--- Exercise ---
Exactly as they appear, transcribe the entries and skip any pictures.
--- Recorded data ---
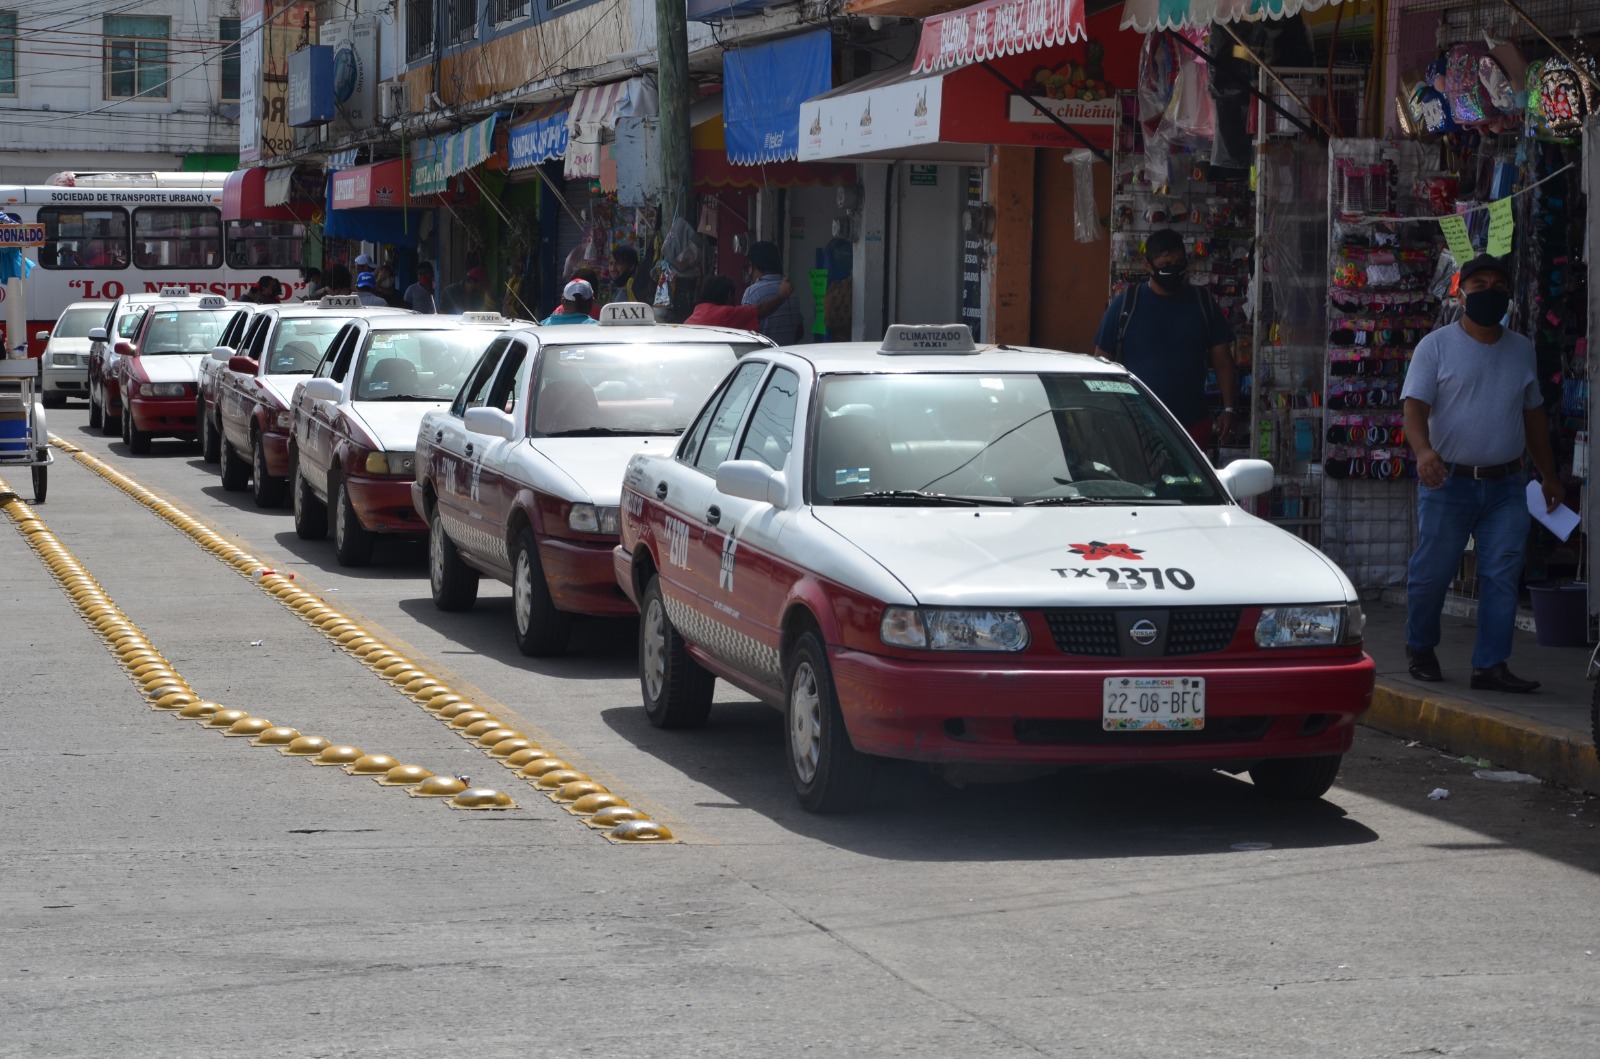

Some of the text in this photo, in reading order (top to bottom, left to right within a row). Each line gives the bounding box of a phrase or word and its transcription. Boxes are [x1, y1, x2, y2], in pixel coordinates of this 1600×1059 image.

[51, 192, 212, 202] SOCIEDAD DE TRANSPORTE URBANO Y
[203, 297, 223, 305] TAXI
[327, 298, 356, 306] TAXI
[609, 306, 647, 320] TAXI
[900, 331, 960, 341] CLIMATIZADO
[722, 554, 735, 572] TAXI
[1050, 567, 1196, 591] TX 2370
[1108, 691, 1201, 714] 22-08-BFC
---
--- Your response ---
Some of the text in this photo, in reading order (top to bottom, left to right within a row). Each line gives the bounding box of a phrase or word and its transcription. Boxes are [x1, y1, x2, y2], in pixel coordinates of this 1600×1059 image.

[51, 192, 212, 202] SOCIEDAD DE TRANSPORTE URBANO Y
[203, 297, 223, 305] TAXI
[327, 298, 356, 306] TAXI
[609, 306, 647, 320] TAXI
[900, 331, 960, 341] CLIMATIZADO
[722, 554, 735, 572] TAXI
[1050, 567, 1196, 591] TX 2370
[1108, 691, 1201, 714] 22-08-BFC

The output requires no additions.